### DESCRIPTION OF THE TASK
Please retype the entries exactly as they stand, leaving out any pictures.

### DATA
---

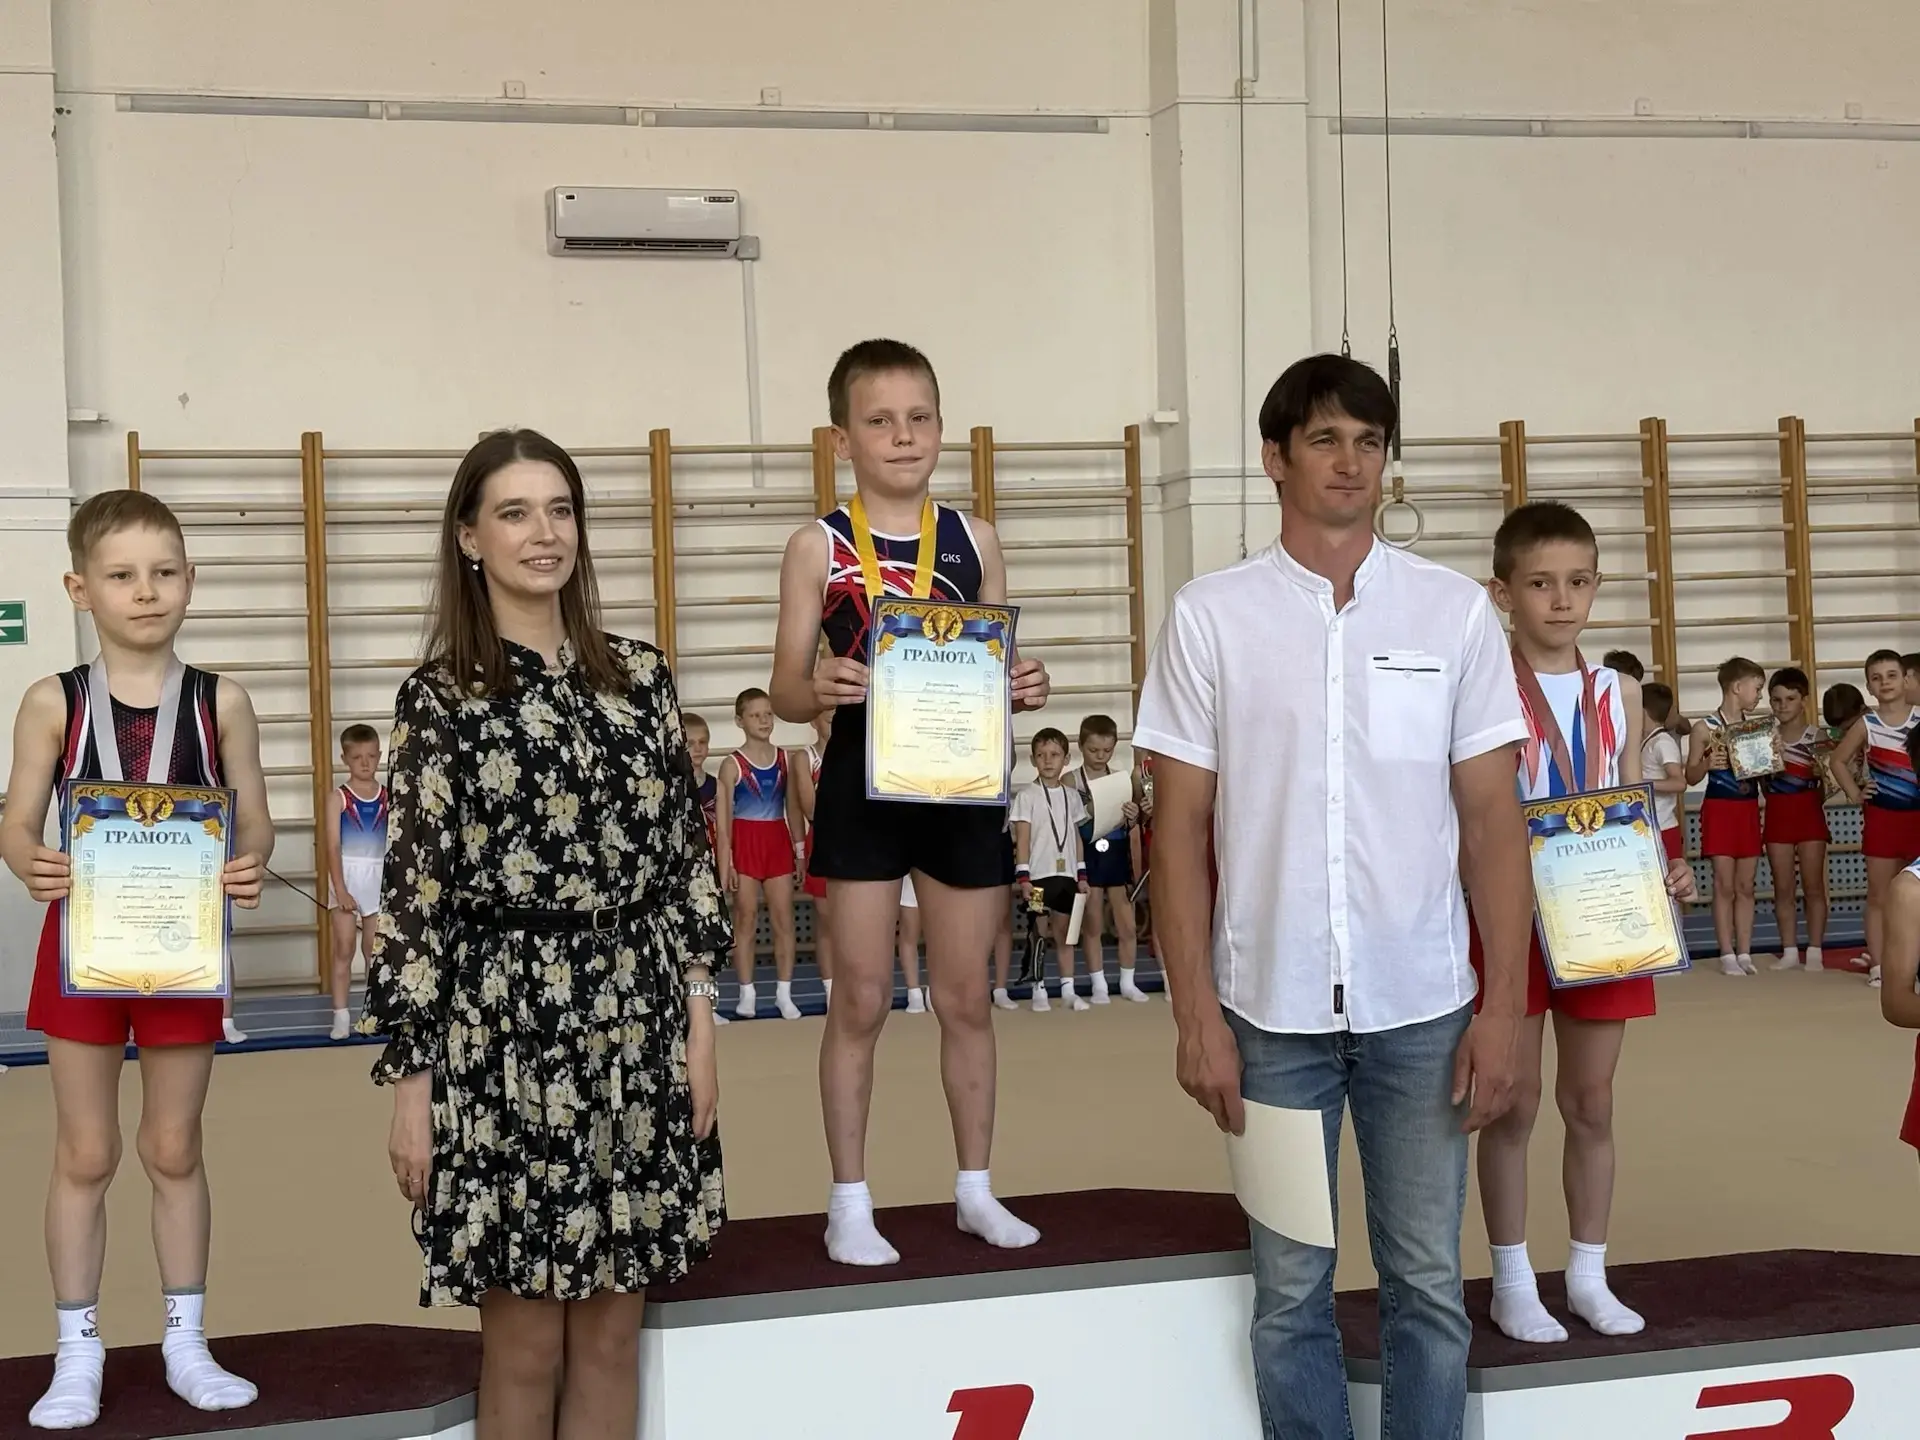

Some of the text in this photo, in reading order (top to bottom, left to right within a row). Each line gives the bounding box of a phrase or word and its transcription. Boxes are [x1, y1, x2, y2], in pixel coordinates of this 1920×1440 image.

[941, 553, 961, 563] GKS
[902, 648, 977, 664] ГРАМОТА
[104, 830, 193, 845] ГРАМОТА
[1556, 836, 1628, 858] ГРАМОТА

---

### EXERCISE SOLUTION
Some of the text in this photo, in reading order (top to bottom, left to right within a row). Each line gives the bounding box of a phrase or word and its transcription. Boxes are [x1, y1, x2, y2], in pixel coordinates of this 1920×1440 image.

[941, 553, 961, 563] GKS
[902, 648, 977, 664] ГРАМОТА
[104, 830, 193, 845] ГРАМОТА
[1556, 836, 1628, 858] ГРАМОТА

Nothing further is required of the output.